[[ DATA LISTING open ]]

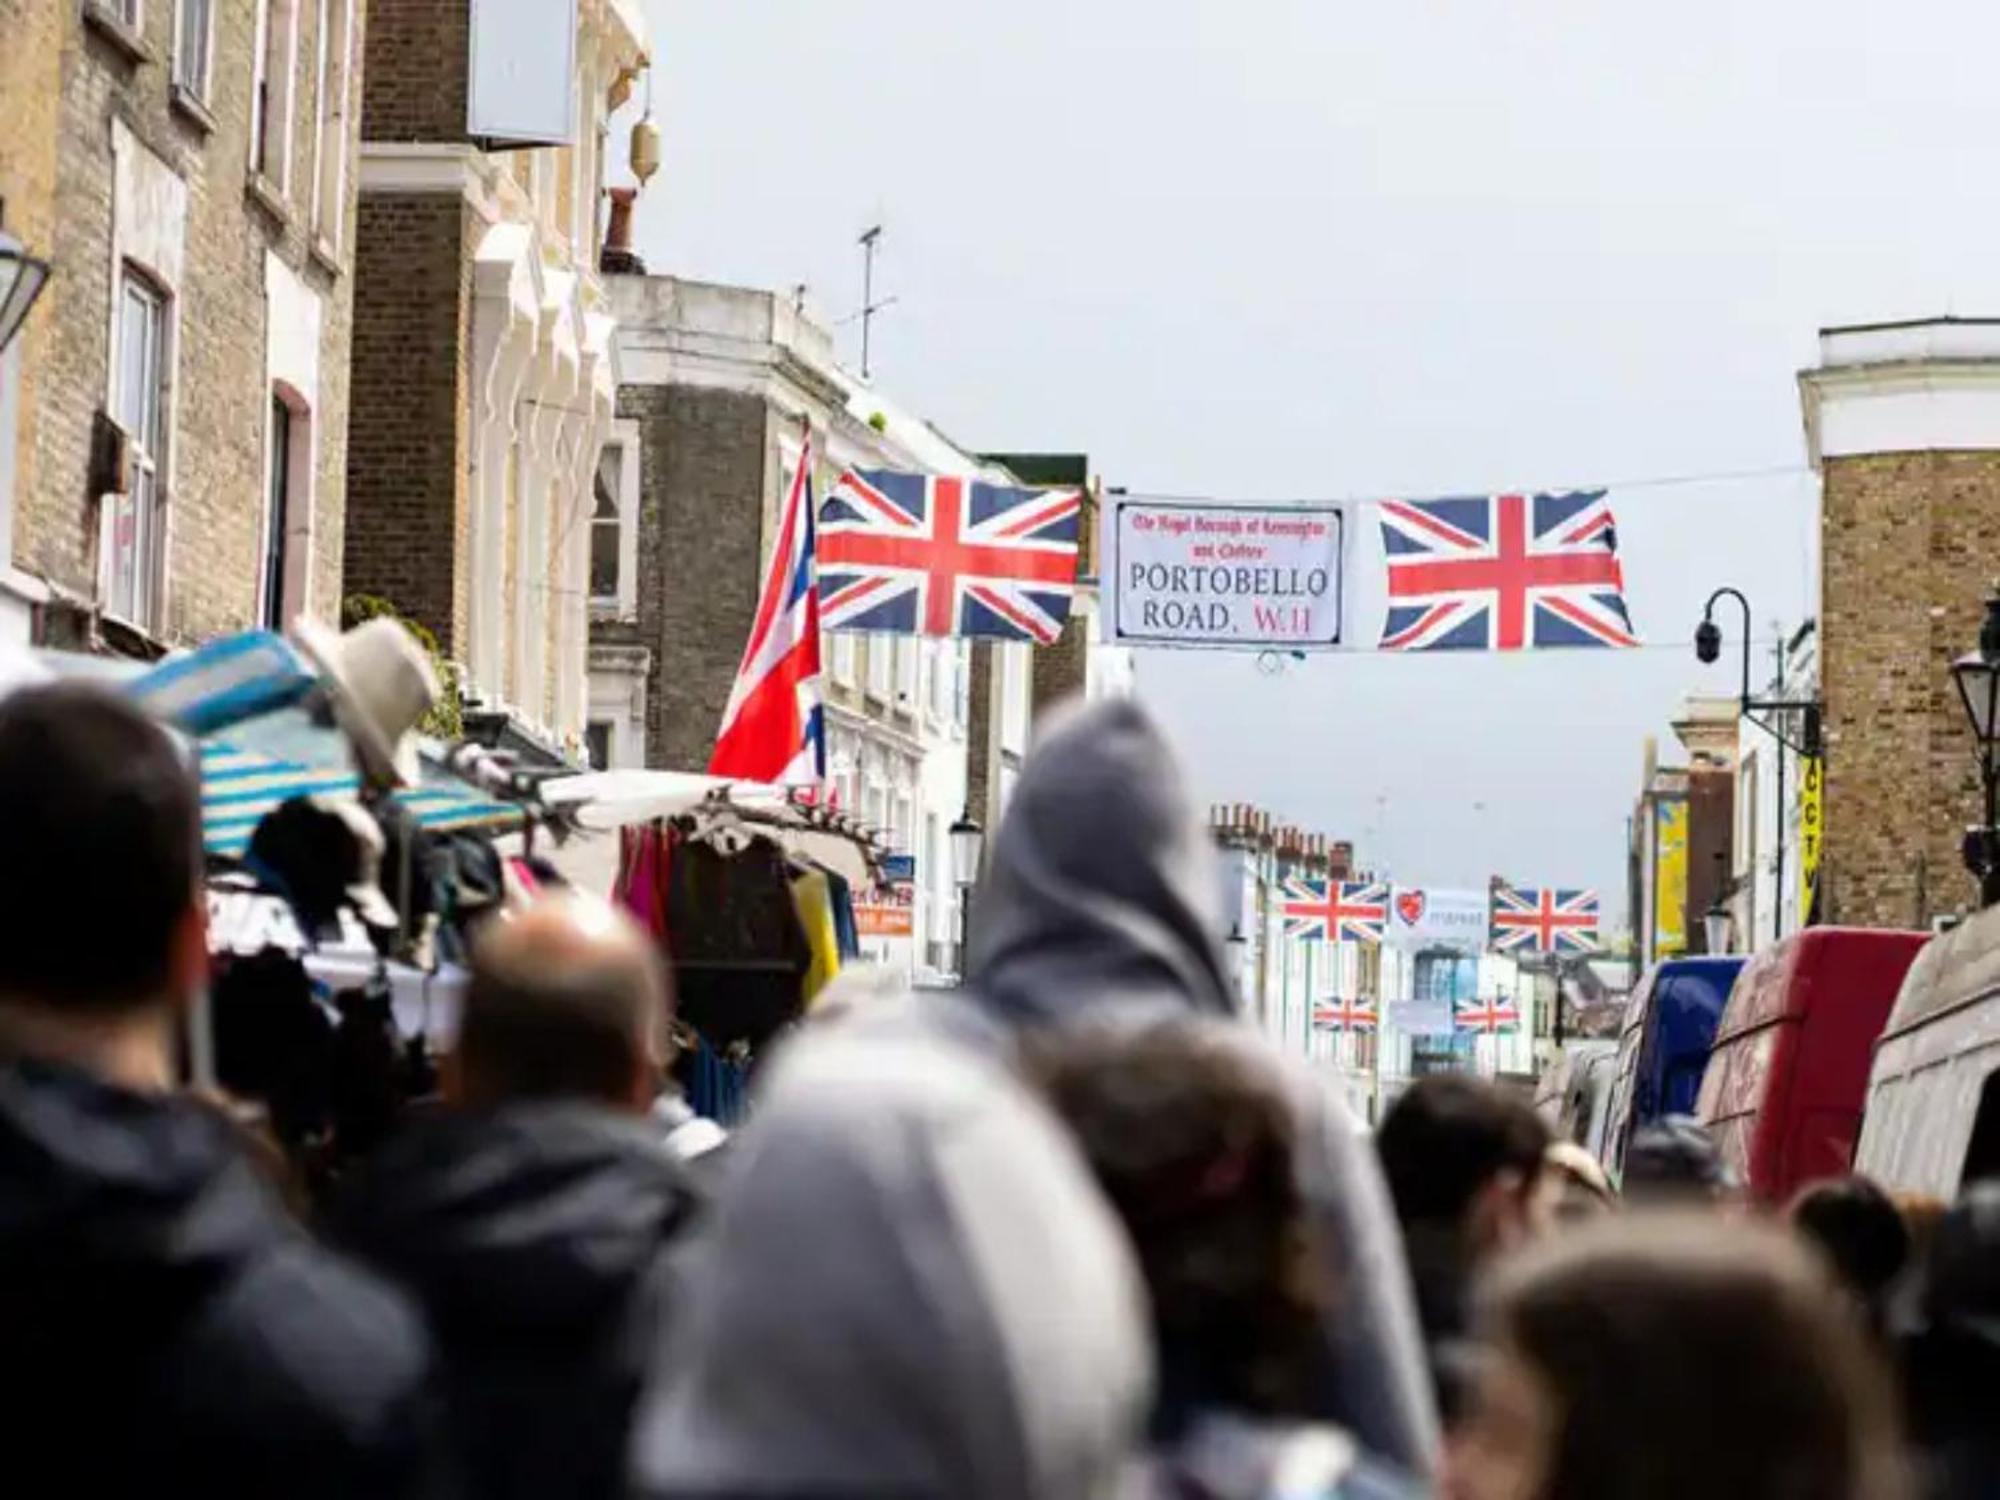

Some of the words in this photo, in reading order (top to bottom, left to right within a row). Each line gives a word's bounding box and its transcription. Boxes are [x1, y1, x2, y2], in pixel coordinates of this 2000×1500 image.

[1246, 519, 1260, 533] of
[1130, 562, 1328, 598] PORTOBELLO
[1804, 771, 1818, 888] CCTV
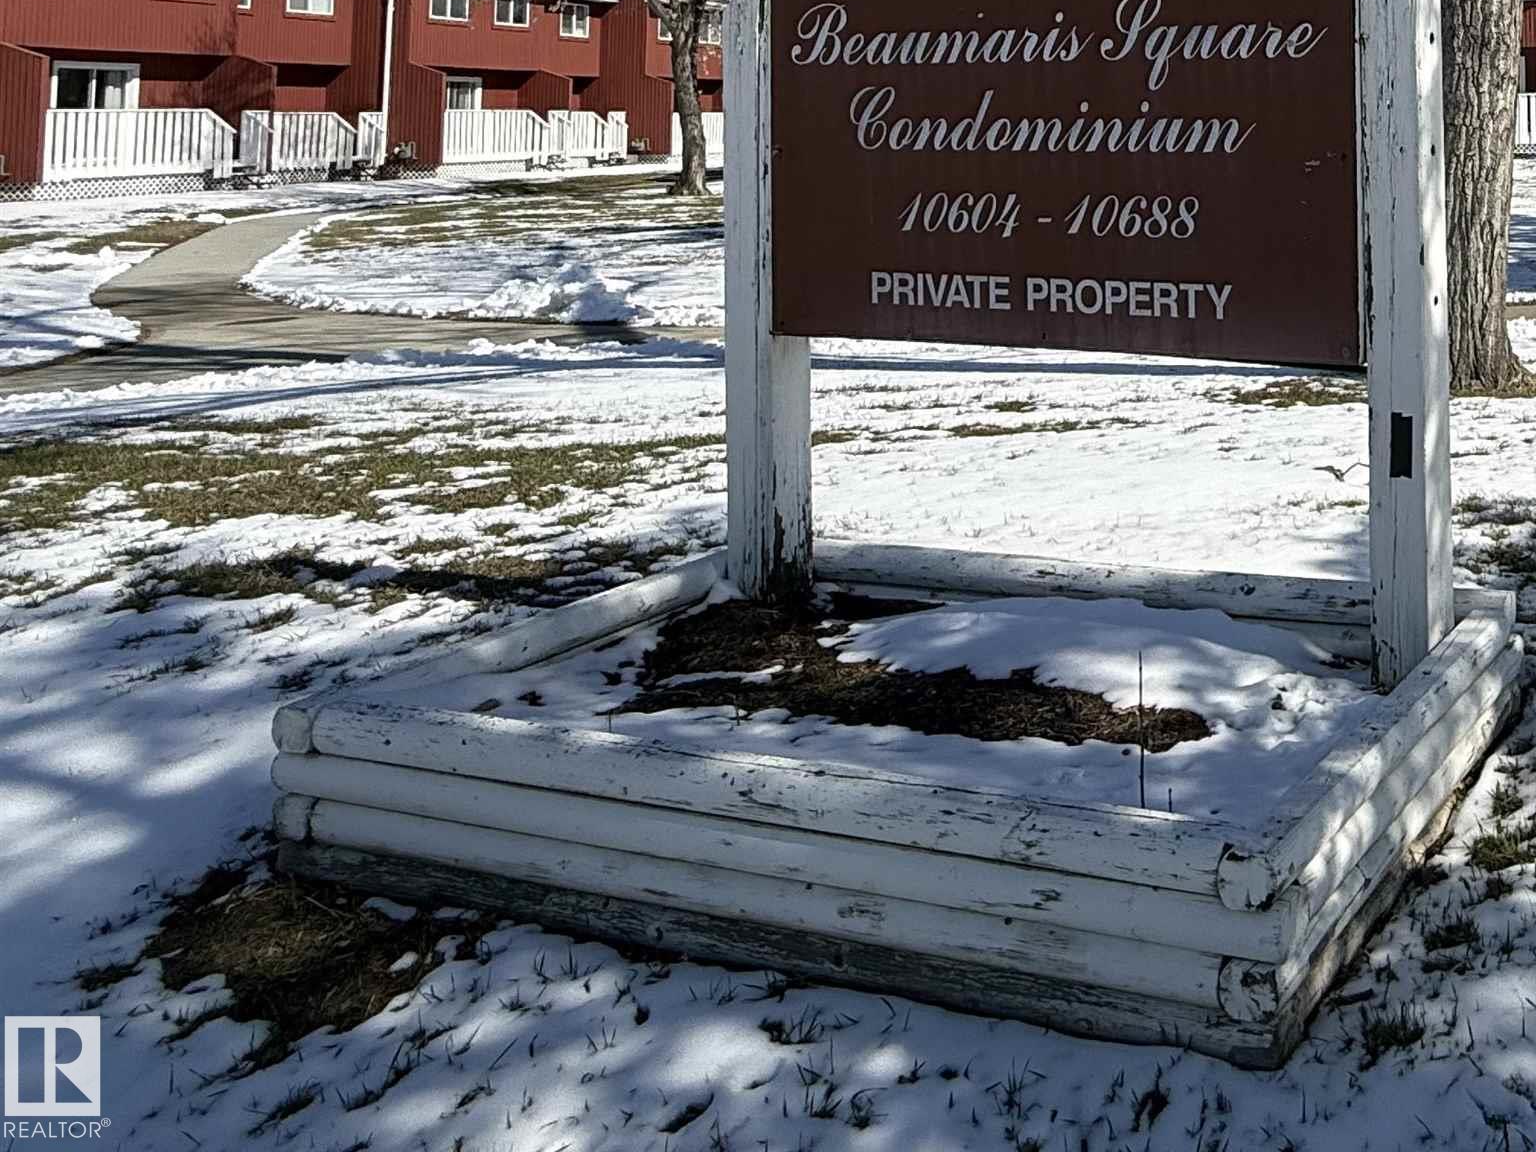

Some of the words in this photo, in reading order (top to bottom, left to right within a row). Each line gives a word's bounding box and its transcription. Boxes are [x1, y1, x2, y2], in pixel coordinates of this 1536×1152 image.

[791, 2, 1094, 66] Beaumaris
[849, 86, 1257, 154] Condominium
[899, 192, 1021, 238] 10604
[1064, 194, 1200, 239] 10688
[871, 272, 1011, 310] PRIVATE
[1026, 276, 1233, 320] PROPERTY

[[ DATA LISTING closed ]]

▸ WHAT THE EXERCISE ASKS
Every word of the material above should be copied exactly; no pictures.

▸ ANSWER SECTION
Some of the words in this photo, in reading order (top to bottom, left to right within a row). Each line gives a word's bounding box and its transcription. Boxes are [x1, y1, x2, y2], in pixel coordinates of this 2000×1500 image.

[1246, 519, 1260, 533] of
[1130, 562, 1328, 598] PORTOBELLO
[1804, 771, 1818, 888] CCTV

Some of the words in this photo, in reading order (top to bottom, left to right within a row). Each line gives a word's bounding box and its transcription. Boxes are [x1, y1, x2, y2], in pixel coordinates of this 1536×1152 image.

[791, 2, 1094, 66] Beaumaris
[849, 86, 1257, 154] Condominium
[899, 192, 1021, 238] 10604
[1064, 194, 1200, 239] 10688
[871, 272, 1011, 310] PRIVATE
[1026, 276, 1233, 320] PROPERTY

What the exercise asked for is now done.